[Source data]
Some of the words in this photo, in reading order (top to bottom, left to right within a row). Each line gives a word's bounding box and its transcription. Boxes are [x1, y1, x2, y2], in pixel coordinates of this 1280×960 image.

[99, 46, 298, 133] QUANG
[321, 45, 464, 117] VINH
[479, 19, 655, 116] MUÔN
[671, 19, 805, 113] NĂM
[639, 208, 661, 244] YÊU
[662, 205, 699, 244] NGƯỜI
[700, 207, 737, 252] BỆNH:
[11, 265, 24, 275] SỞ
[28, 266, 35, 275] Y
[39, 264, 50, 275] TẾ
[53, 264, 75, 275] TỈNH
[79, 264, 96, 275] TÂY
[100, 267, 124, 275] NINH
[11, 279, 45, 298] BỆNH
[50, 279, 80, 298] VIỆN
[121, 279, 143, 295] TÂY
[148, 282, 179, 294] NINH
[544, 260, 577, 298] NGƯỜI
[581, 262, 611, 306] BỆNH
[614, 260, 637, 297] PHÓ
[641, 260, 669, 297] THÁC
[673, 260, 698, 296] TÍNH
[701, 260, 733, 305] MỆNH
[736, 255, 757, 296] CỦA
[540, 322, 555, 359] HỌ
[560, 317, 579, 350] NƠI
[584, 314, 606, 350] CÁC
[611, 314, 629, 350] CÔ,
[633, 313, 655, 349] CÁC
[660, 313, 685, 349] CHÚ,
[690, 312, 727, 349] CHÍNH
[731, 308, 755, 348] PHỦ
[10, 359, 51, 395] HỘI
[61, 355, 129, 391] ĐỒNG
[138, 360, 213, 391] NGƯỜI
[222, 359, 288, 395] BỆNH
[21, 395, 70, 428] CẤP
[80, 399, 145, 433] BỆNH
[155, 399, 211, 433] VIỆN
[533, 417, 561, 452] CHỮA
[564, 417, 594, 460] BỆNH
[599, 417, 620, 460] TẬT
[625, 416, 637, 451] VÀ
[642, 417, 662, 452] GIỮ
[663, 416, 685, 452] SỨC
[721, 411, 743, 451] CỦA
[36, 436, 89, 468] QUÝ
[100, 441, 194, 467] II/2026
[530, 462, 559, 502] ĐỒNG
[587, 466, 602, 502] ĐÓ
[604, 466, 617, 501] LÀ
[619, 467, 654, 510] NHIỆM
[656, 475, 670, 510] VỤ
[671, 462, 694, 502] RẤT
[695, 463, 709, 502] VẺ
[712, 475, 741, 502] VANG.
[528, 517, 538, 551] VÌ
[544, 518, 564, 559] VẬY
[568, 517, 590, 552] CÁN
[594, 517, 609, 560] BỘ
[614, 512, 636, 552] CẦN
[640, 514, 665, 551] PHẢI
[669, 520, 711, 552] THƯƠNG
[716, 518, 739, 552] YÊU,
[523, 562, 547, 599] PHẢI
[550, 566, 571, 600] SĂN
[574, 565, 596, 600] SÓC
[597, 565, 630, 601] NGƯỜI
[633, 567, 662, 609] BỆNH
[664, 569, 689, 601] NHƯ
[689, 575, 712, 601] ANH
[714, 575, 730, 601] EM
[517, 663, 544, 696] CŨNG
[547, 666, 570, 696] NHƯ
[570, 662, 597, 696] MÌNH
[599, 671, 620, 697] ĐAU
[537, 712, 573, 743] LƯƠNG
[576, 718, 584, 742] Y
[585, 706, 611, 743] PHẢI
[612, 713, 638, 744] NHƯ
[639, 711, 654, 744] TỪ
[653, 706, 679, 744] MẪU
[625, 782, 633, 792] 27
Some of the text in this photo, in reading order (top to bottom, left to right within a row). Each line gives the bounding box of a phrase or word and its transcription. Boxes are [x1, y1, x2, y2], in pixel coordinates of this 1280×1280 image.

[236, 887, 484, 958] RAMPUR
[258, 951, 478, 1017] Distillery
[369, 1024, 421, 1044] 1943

(Aim of the task): All the entries are to be reproduced verbatim.

(Output of the exercise):
Some of the words in this photo, in reading order (top to bottom, left to right within a row). Each line gives a word's bounding box and its transcription. Boxes are [x1, y1, x2, y2], in pixel coordinates of this 1280×960 image.

[99, 46, 298, 133] QUANG
[321, 45, 464, 117] VINH
[479, 19, 655, 116] MUÔN
[671, 19, 805, 113] NĂM
[639, 208, 661, 244] YÊU
[662, 205, 699, 244] NGƯỜI
[700, 207, 737, 252] BỆNH:
[11, 265, 24, 275] SỞ
[28, 266, 35, 275] Y
[39, 264, 50, 275] TẾ
[53, 264, 75, 275] TỈNH
[79, 264, 96, 275] TÂY
[100, 267, 124, 275] NINH
[11, 279, 45, 298] BỆNH
[50, 279, 80, 298] VIỆN
[121, 279, 143, 295] TÂY
[148, 282, 179, 294] NINH
[544, 260, 577, 298] NGƯỜI
[581, 262, 611, 306] BỆNH
[614, 260, 637, 297] PHÓ
[641, 260, 669, 297] THÁC
[673, 260, 698, 296] TÍNH
[701, 260, 733, 305] MỆNH
[736, 255, 757, 296] CỦA
[540, 322, 555, 359] HỌ
[560, 317, 579, 350] NƠI
[584, 314, 606, 350] CÁC
[611, 314, 629, 350] CÔ,
[633, 313, 655, 349] CÁC
[660, 313, 685, 349] CHÚ,
[690, 312, 727, 349] CHÍNH
[731, 308, 755, 348] PHỦ
[10, 359, 51, 395] HỘI
[61, 355, 129, 391] ĐỒNG
[138, 360, 213, 391] NGƯỜI
[222, 359, 288, 395] BỆNH
[21, 395, 70, 428] CẤP
[80, 399, 145, 433] BỆNH
[155, 399, 211, 433] VIỆN
[533, 417, 561, 452] CHỮA
[564, 417, 594, 460] BỆNH
[599, 417, 620, 460] TẬT
[625, 416, 637, 451] VÀ
[642, 417, 662, 452] GIỮ
[663, 416, 685, 452] SỨC
[721, 411, 743, 451] CỦA
[36, 436, 89, 468] QUÝ
[100, 441, 194, 467] II/2026
[530, 462, 559, 502] ĐỒNG
[587, 466, 602, 502] ĐÓ
[604, 466, 617, 501] LÀ
[619, 467, 654, 510] NHIỆM
[656, 475, 670, 510] VỤ
[671, 462, 694, 502] RẤT
[695, 463, 709, 502] VẺ
[712, 475, 741, 502] VANG.
[528, 517, 538, 551] VÌ
[544, 518, 564, 559] VẬY
[568, 517, 590, 552] CÁN
[594, 517, 609, 560] BỘ
[614, 512, 636, 552] CẦN
[640, 514, 665, 551] PHẢI
[669, 520, 711, 552] THƯƠNG
[716, 518, 739, 552] YÊU,
[523, 562, 547, 599] PHẢI
[550, 566, 571, 600] SĂN
[574, 565, 596, 600] SÓC
[597, 565, 630, 601] NGƯỜI
[633, 567, 662, 609] BỆNH
[664, 569, 689, 601] NHƯ
[689, 575, 712, 601] ANH
[714, 575, 730, 601] EM
[517, 663, 544, 696] CŨNG
[547, 666, 570, 696] NHƯ
[570, 662, 597, 696] MÌNH
[599, 671, 620, 697] ĐAU
[537, 712, 573, 743] LƯƠNG
[576, 718, 584, 742] Y
[585, 706, 611, 743] PHẢI
[612, 713, 638, 744] NHƯ
[639, 711, 654, 744] TỪ
[653, 706, 679, 744] MẪU
[625, 782, 633, 792] 27
Some of the text in this photo, in reading order (top to bottom, left to right within a row). Each line gives the bounding box of a phrase or word and its transcription. Boxes are [x1, y1, x2, y2], in pixel coordinates of this 1280×1280 image.

[236, 887, 484, 958] RAMPUR
[258, 951, 478, 1017] Distillery
[369, 1024, 421, 1044] 1943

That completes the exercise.